Sidonia’s turn to faith as Georgia gained independence is far from unusual. She told me that another reason for her interest in religion was “that I wanted to stand by my country. That’s actually why a lot of people turned to religion at that time.” When I talked to Ilia Chighladze, a 30-year-old Georgian priest, he echoed that sentiment: “I was attracted to the history of Georgia, and because being Georgian and being Orthodox Christian is a part of national identity, I decided to become a priest.”

The Republic of Georgia, sitting in the mountainous southern Caucasus, is a Christian nation through and through. It has been officially since 327 AD, despite being surrounded by invading Muslims throughout the centuries, something which elicits particular pride in Georgians. Analysts and polls say that the Georgian Orthodox Church, which is closely related to Russian orthodoxy, is the most trusted institution in the country—much more so than the government, which celebrated its first democratic transfer of power just over a year ago. Most of the population here feels that being Georgian means to be Orthodox, despite the fact that roughly 15 percent of the country belongs to another religion, mainly Islam and the Armenian Apostolic Church. A 2012 Gallup poll on Global Religiosity ranks Georgia as the 11th most religious country in the world.

The Church sees liberalism creeping up on Georgian culture along with modernization, and is trying with all its might to halt both.

This tremendous influence has put the church at the center of a pivotal struggle over Georgia’s future. Georgia sits at a crossroads of the proverbial east and west and this seems to contribute a large part to the country’s identity crisis. Though Georgians often express a desire to be part of Europe, many European social norms clash with their traditional values regarding marriage, women’s roles, and family life. Development has happened at a rapid pace here, in large part due to financial support from the EU and US in the wake of Russian aggression, but it has made many worry about what comes with it. The Church sees liberalism creeping up on Georgian culture along with modernization, and is trying with all its might to halt both.

The power of the Orthodox Church and its anti-liberal stance worries those outside Georgia who have a stake in the Caucasian nation maintaining its pro-western political alliances.

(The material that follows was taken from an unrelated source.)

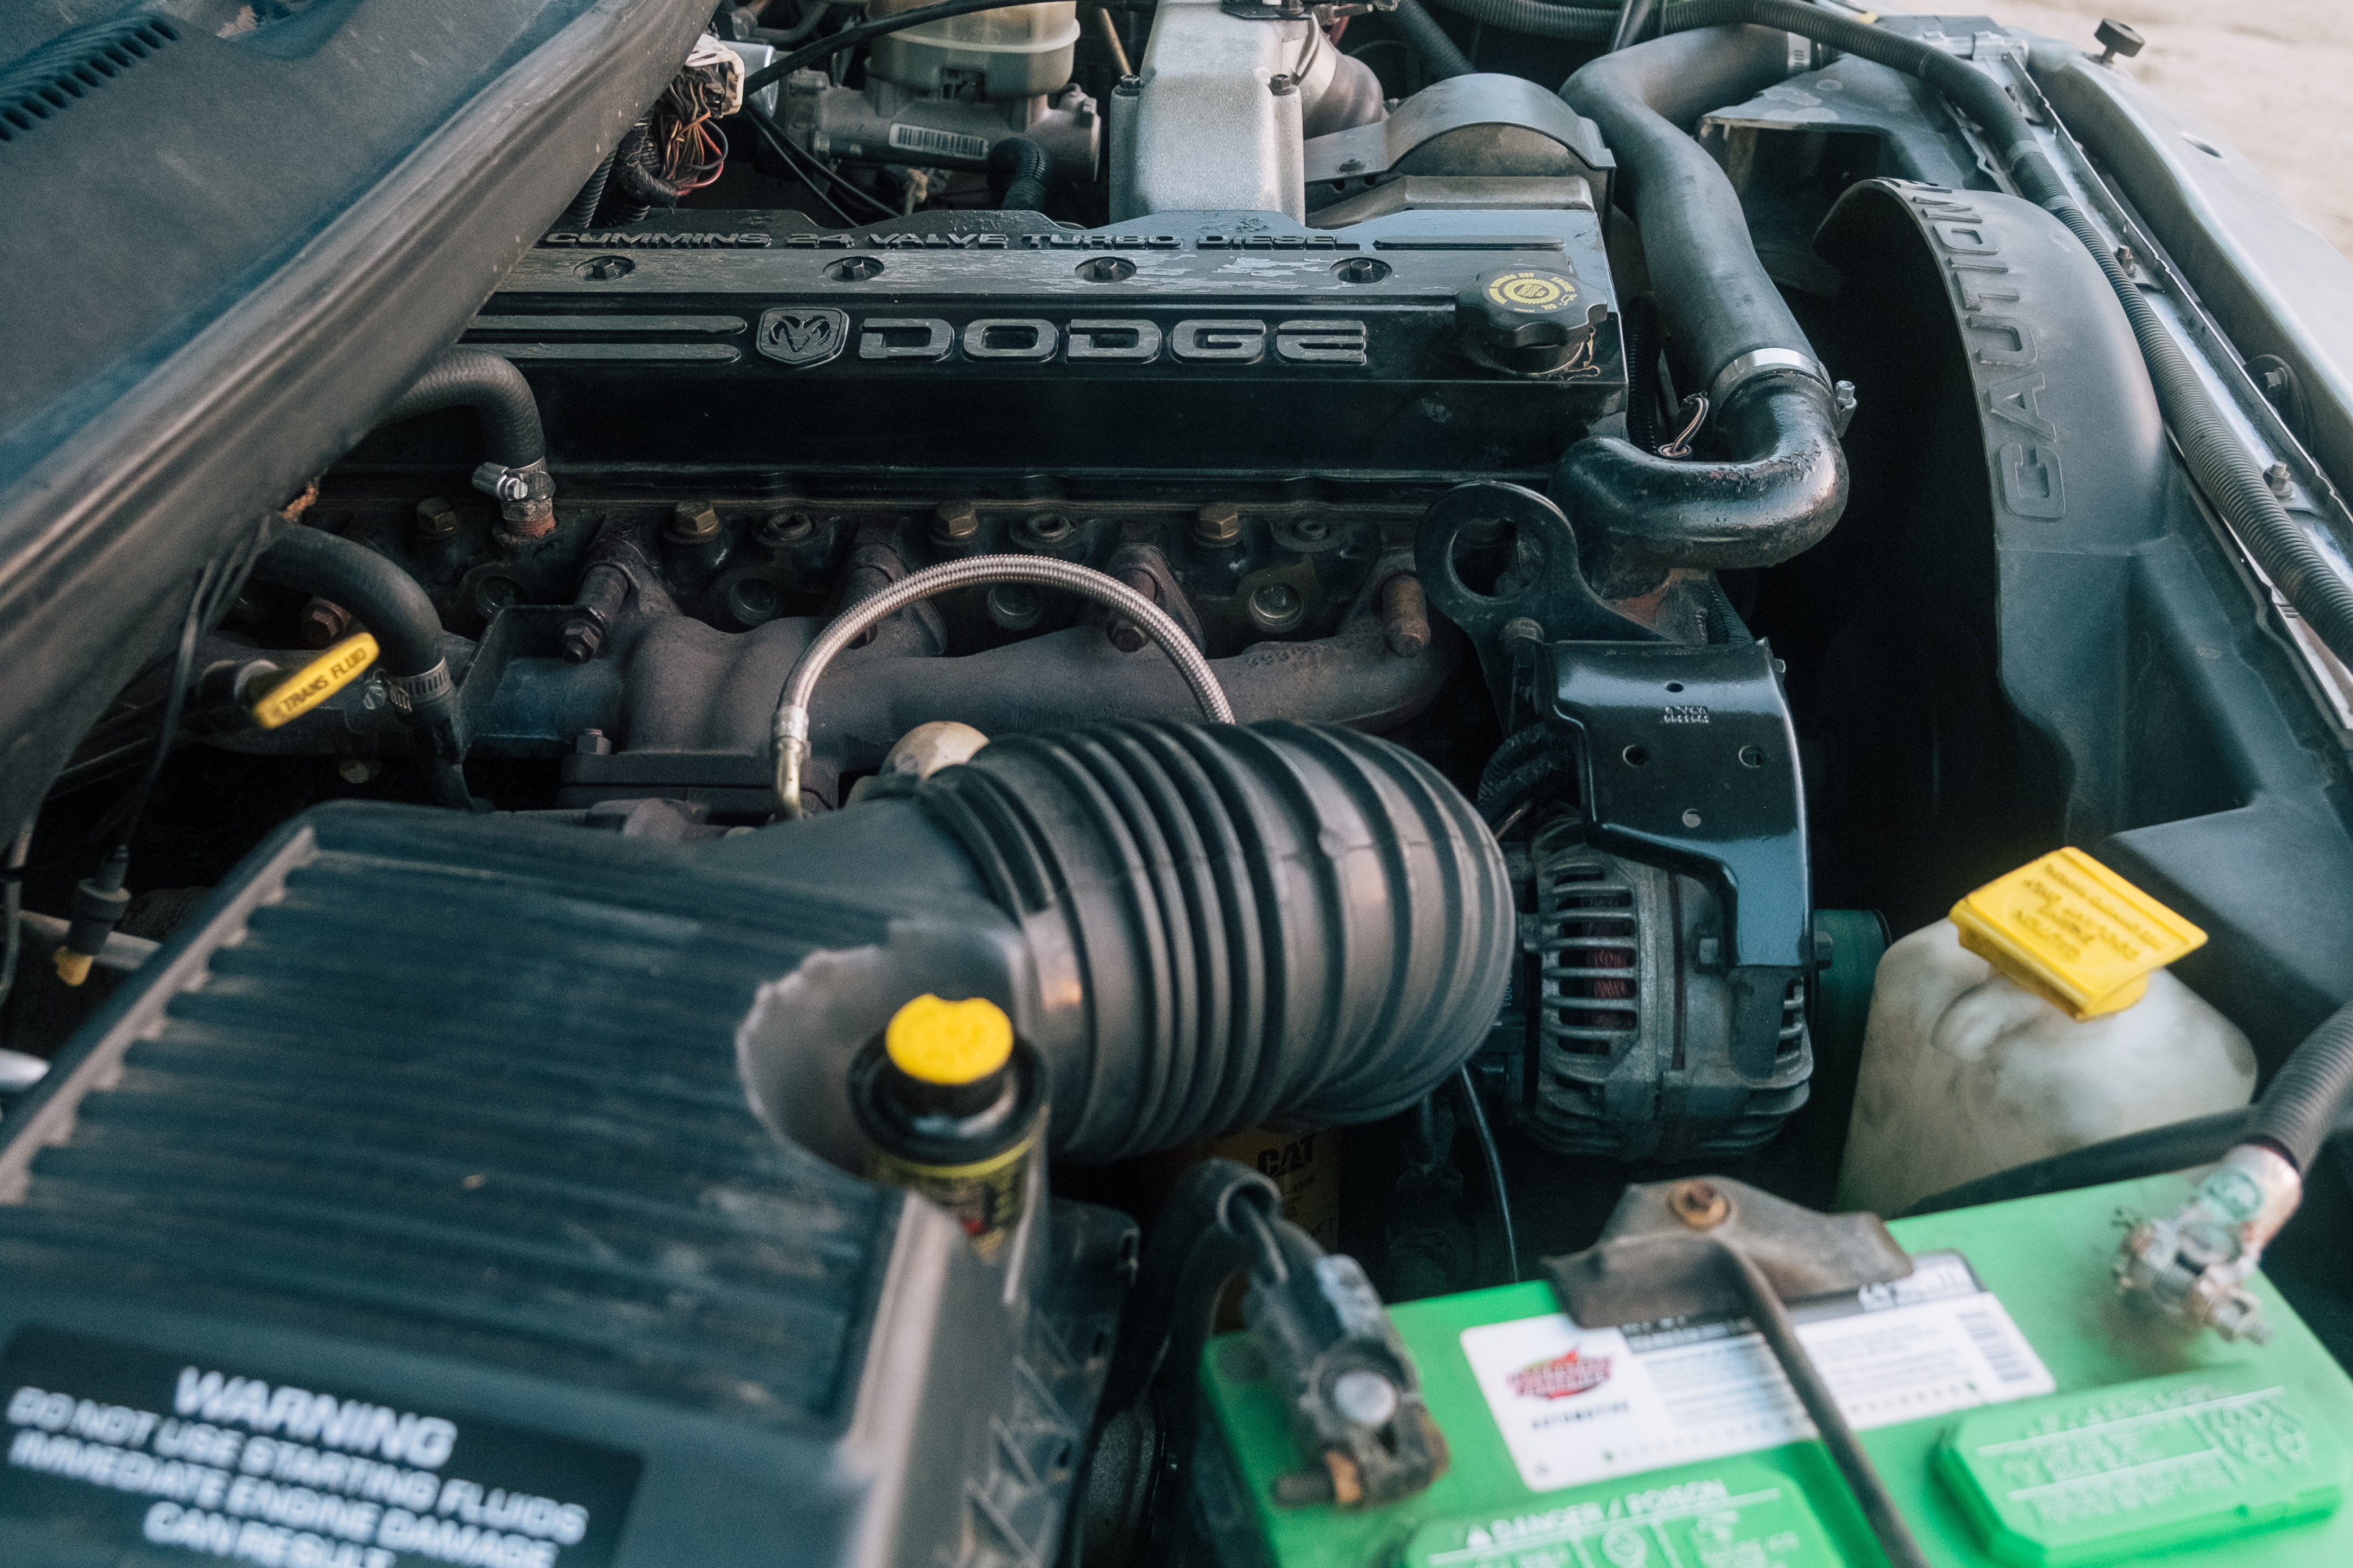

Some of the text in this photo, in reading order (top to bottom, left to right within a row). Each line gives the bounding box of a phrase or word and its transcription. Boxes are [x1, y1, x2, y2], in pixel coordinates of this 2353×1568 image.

In June, Georgian leaders signed a European Union association agreement, the same deal that former Ukrainian president Viktor Yanukovych refused to sign and which spurred the protests in his country that ultimately led to his disposal and the Russian annexation of Crimea. The agreement promises to ease economic relations between Georgia and the EU, and to bring the country closer to becoming a full member of the Union.

Prior to the signing, however, EU officials worried that the Georgian Orthodox Church could be opposed to this agreement, especially because of the church’s vehement opposition to equal rights for homosexuals. The EU had encouraged Georgian leadership to push through an anti-discrimination bill in Parliament banning discrimination based on language, religion, and sexual orientation. Priests fiercely protested the bill, pumping their fists in parliament and yelling that this bill was going to take Georgia down an ill-fated path. Then, in March, an EU commissioner visited Tbilisi and met with Ilia II, the patriarch of the Georgian Orthodox Church, to assure him that Georgia would not have to legalize gay marriage if it eventually became a member of the EU.

“Church is a part of society. And our society, the majority of Georgians, is a society of religious people.”

The Georgian constitution officially calls for the separation of church and state, but in reality the two are intertwined and interdependent. “You don’t really see where the state ends and the church begins,” said Koba Turmanidze, the president of CRRC-Georgia, a local independent think tank. The Orthodox Church officially receives approximately $15 million in government funding, according to a local NGO, and analysts say back-room deals, such as a gifted Mercedes Benz for a priest from a politician, only engender further support. When foreign diplomats travel to Georgia, they pay a visit to Ilia II, an elderly man whose health is failing. When the government pursues an agenda contradictory to the church’s, such as when it forced the aforementioned anti-discrimination bill through parliament, the church needs to be compensated in some way—given funds or a valuable public building. If the church feels completely abandoned by a politician, then priests will encourage their congregations to vote for the opposition—as they did in national elections of 2012, when former President Mikheil Saakashvili was voted out of power.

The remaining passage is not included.